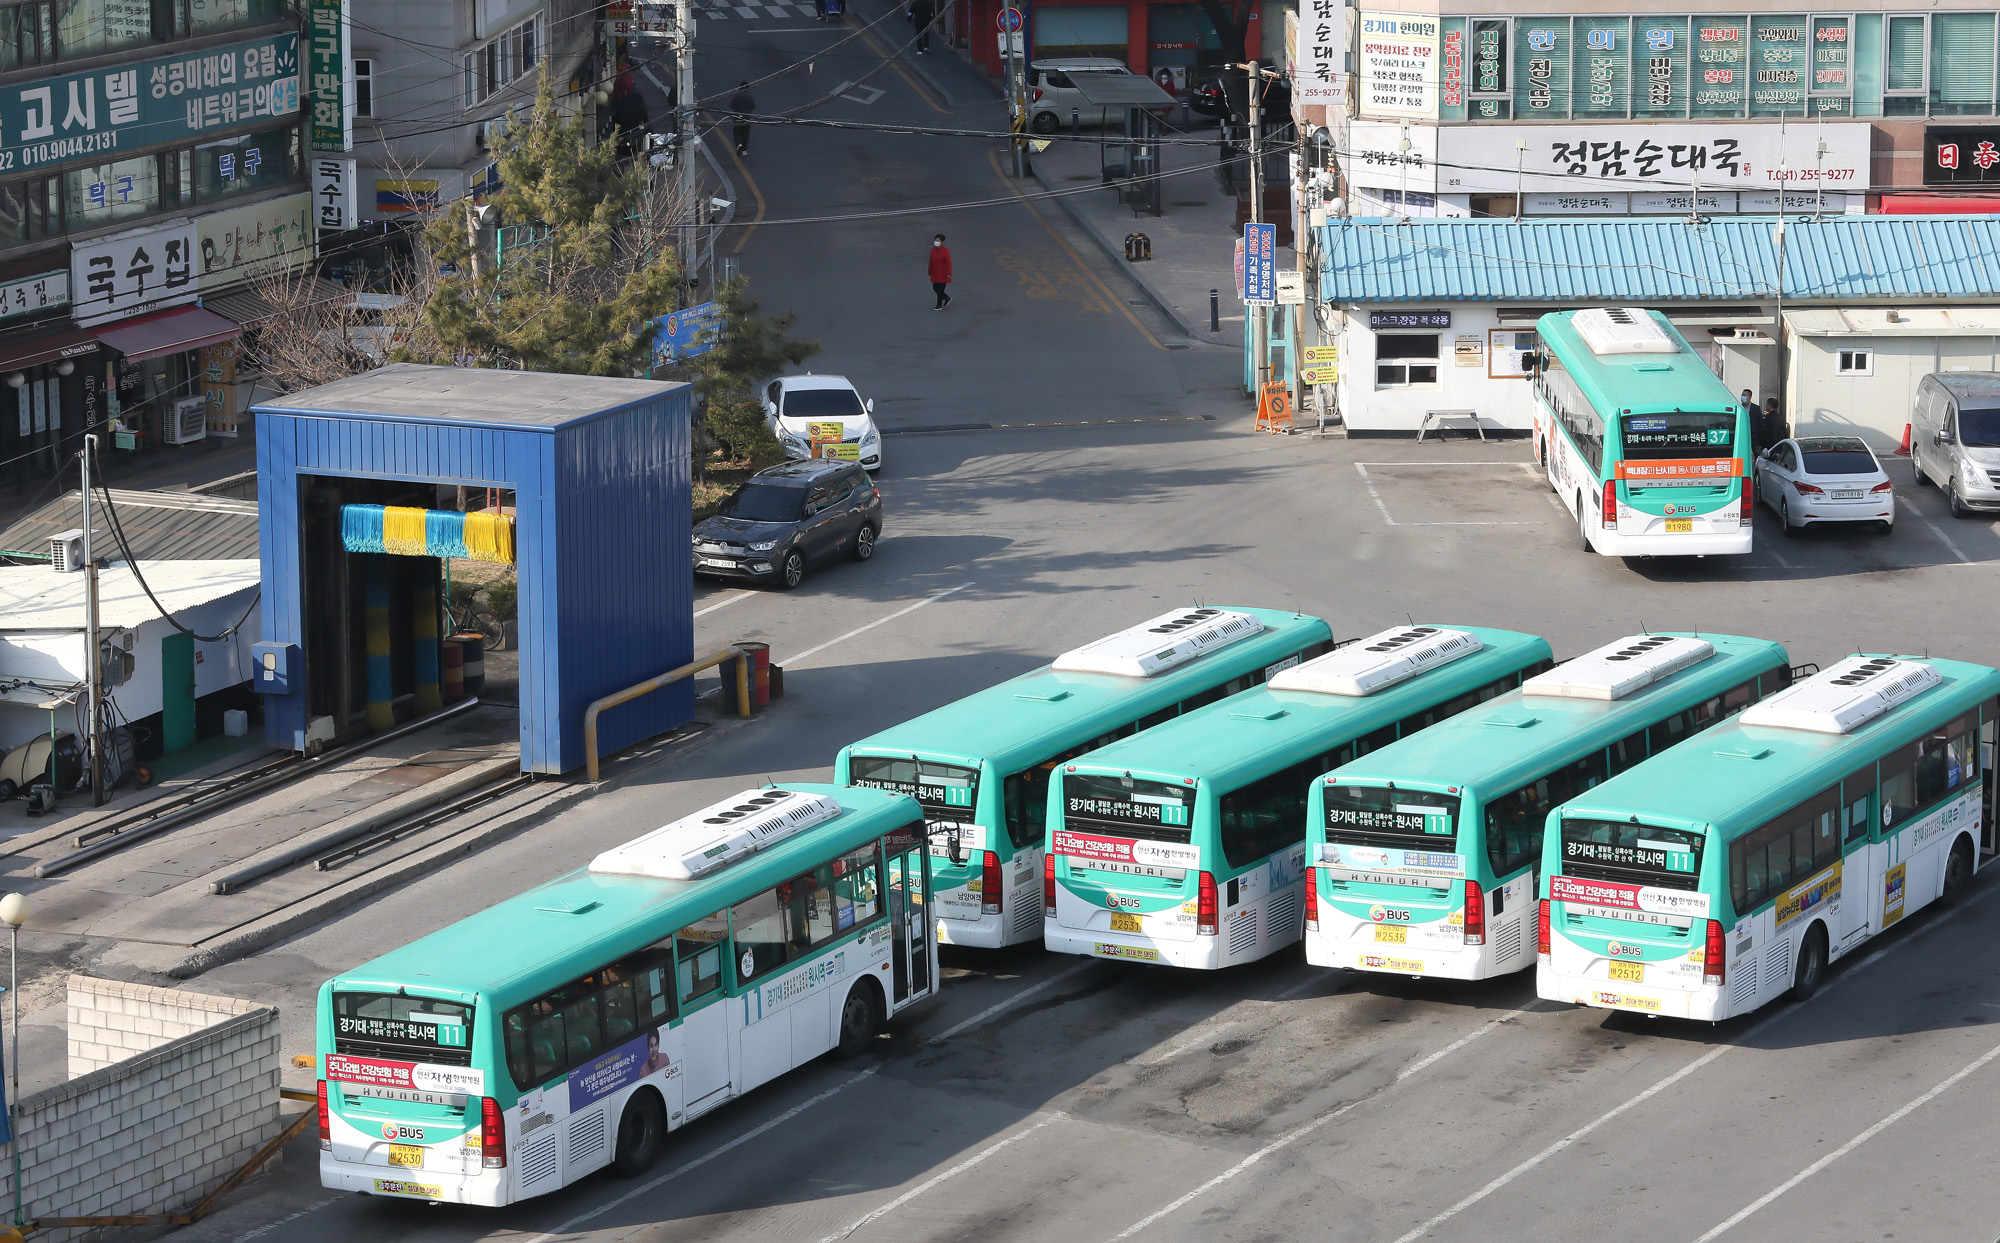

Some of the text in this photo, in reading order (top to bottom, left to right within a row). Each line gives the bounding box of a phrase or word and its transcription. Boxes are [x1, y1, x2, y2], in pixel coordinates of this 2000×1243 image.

[1363, 19, 1435, 37] 경기대 한의원
[1700, 28, 1738, 42] 갱년기
[1758, 28, 1799, 42] 구안와사
[1816, 27, 1846, 42] 수험생
[1365, 43, 1432, 57] 봉약침치료 전문
[1763, 49, 1793, 63] 중풍
[1816, 49, 1845, 62] 아토피
[1401, 60, 1426, 69] 디스크
[1443, 30, 1462, 106] 교통사고보험
[150, 45, 277, 99] 성공미래의 요람
[1373, 70, 1423, 82] 척추관 협착증
[1480, 30, 1499, 117] 지정한의원
[1704, 69, 1733, 83] 불임
[1305, 88, 1341, 96] 255-9277
[1696, 90, 1740, 105] 산후보약
[21, 69, 139, 142] 고시텔
[187, 78, 298, 130] 네트워크의 산실
[1373, 95, 1397, 104] 오십견
[1406, 97, 1422, 107] 통풍
[1816, 97, 1842, 112] 면역
[315, 130, 326, 139] 2F
[22, 131, 118, 166] 010.9044.2131
[219, 148, 261, 181] 탁구
[1552, 139, 1742, 177] 정담순대국
[1800, 168, 1855, 181] 255-9277
[90, 176, 134, 207] 탁구
[319, 161, 342, 227] 국수집
[1557, 197, 1610, 210] 정담순대국
[1666, 197, 1718, 209] 정담순대국
[1773, 196, 1826, 208] 정담순대국
[86, 236, 190, 304] 국수집
[1249, 256, 1259, 294] 가족처럼
[1261, 261, 1271, 298] 생명처럼
[1372, 315, 1449, 326] 마스크,장갑 꼭 착용
[1266, 386, 1286, 394] 주차금지
[1709, 430, 1728, 444] 37
[1672, 523, 1692, 531] 1980
[918, 785, 965, 805] 원시역 11
[1069, 798, 1182, 823] 경기대 원시역 11
[1330, 809, 1446, 832] 경기대 원시역 11
[1055, 836, 1084, 849] 추나요법
[1085, 840, 1114, 853] 건강보험
[1115, 843, 1131, 855] 적용
[1150, 847, 1170, 859] 자생
[1567, 842, 1689, 870] 경기대 원시역 11
[1088, 861, 1163, 876] HYUNDAI
[1351, 873, 1428, 887] HYUNDAI
[957, 892, 982, 902] 남양여객
[1552, 882, 1635, 901] 추나요법 건강보험 적용
[1120, 897, 1140, 908] BUS
[1656, 894, 1706, 908] 자생 한방병원
[1386, 909, 1411, 921] BUS
[1587, 908, 1668, 925] HYUNDAI
[1118, 919, 1140, 931] 2531
[1438, 924, 1464, 934] 남양여객
[1382, 931, 1405, 942] 2535
[1608, 941, 1641, 956] G BUS
[1679, 963, 1702, 972] 남양여객
[1617, 969, 1641, 981] 2512
[741, 986, 762, 1027] 11
[767, 983, 783, 1008] 경기대
[808, 961, 826, 988] 원시역
[339, 1018, 459, 1045] 경기대 원시역 11
[328, 1061, 410, 1080] 추나요법 건강보험 적용
[431, 1072, 451, 1084] 자생
[453, 1075, 480, 1085] 한방병원
[363, 1087, 443, 1104] HYUNDAI
[382, 1122, 424, 1140] G BUS
[397, 1152, 421, 1164] 2530
[460, 1148, 482, 1157] 남양여객

The task -
An exact transcription of the material is required, without any pictures.

Task answer -
Some of the text in this photo, in reading order (top to bottom, left to right within a row). Each line gives the bounding box of a phrase or word and its transcription. Boxes are [x1, y1, x2, y2], in pixel coordinates of this 2000×1243 image.

[1363, 19, 1435, 37] 경기대 한의원
[1700, 28, 1738, 42] 갱년기
[1758, 28, 1799, 42] 구안와사
[1816, 27, 1846, 42] 수험생
[1365, 43, 1432, 57] 봉약침치료 전문
[1763, 49, 1793, 63] 중풍
[1816, 49, 1845, 62] 아토피
[1401, 60, 1426, 69] 디스크
[1443, 30, 1462, 106] 교통사고보험
[150, 45, 277, 99] 성공미래의 요람
[1373, 70, 1423, 82] 척추관 협착증
[1480, 30, 1499, 117] 지정한의원
[1704, 69, 1733, 83] 불임
[1305, 88, 1341, 96] 255-9277
[1696, 90, 1740, 105] 산후보약
[21, 69, 139, 142] 고시텔
[187, 78, 298, 130] 네트워크의 산실
[1373, 95, 1397, 104] 오십견
[1406, 97, 1422, 107] 통풍
[1816, 97, 1842, 112] 면역
[315, 130, 326, 139] 2F
[22, 131, 118, 166] 010.9044.2131
[219, 148, 261, 181] 탁구
[1552, 139, 1742, 177] 정담순대국
[1800, 168, 1855, 181] 255-9277
[90, 176, 134, 207] 탁구
[319, 161, 342, 227] 국수집
[1557, 197, 1610, 210] 정담순대국
[1666, 197, 1718, 209] 정담순대국
[1773, 196, 1826, 208] 정담순대국
[86, 236, 190, 304] 국수집
[1249, 256, 1259, 294] 가족처럼
[1261, 261, 1271, 298] 생명처럼
[1372, 315, 1449, 326] 마스크,장갑 꼭 착용
[1266, 386, 1286, 394] 주차금지
[1709, 430, 1728, 444] 37
[1672, 523, 1692, 531] 1980
[918, 785, 965, 805] 원시역 11
[1069, 798, 1182, 823] 경기대 원시역 11
[1330, 809, 1446, 832] 경기대 원시역 11
[1055, 836, 1084, 849] 추나요법
[1085, 840, 1114, 853] 건강보험
[1115, 843, 1131, 855] 적용
[1150, 847, 1170, 859] 자생
[1567, 842, 1689, 870] 경기대 원시역 11
[1088, 861, 1163, 876] HYUNDAI
[1351, 873, 1428, 887] HYUNDAI
[957, 892, 982, 902] 남양여객
[1552, 882, 1635, 901] 추나요법 건강보험 적용
[1120, 897, 1140, 908] BUS
[1656, 894, 1706, 908] 자생 한방병원
[1386, 909, 1411, 921] BUS
[1587, 908, 1668, 925] HYUNDAI
[1118, 919, 1140, 931] 2531
[1438, 924, 1464, 934] 남양여객
[1382, 931, 1405, 942] 2535
[1608, 941, 1641, 956] G BUS
[1679, 963, 1702, 972] 남양여객
[1617, 969, 1641, 981] 2512
[741, 986, 762, 1027] 11
[767, 983, 783, 1008] 경기대
[808, 961, 826, 988] 원시역
[339, 1018, 459, 1045] 경기대 원시역 11
[328, 1061, 410, 1080] 추나요법 건강보험 적용
[431, 1072, 451, 1084] 자생
[453, 1075, 480, 1085] 한방병원
[363, 1087, 443, 1104] HYUNDAI
[382, 1122, 424, 1140] G BUS
[397, 1152, 421, 1164] 2530
[460, 1148, 482, 1157] 남양여객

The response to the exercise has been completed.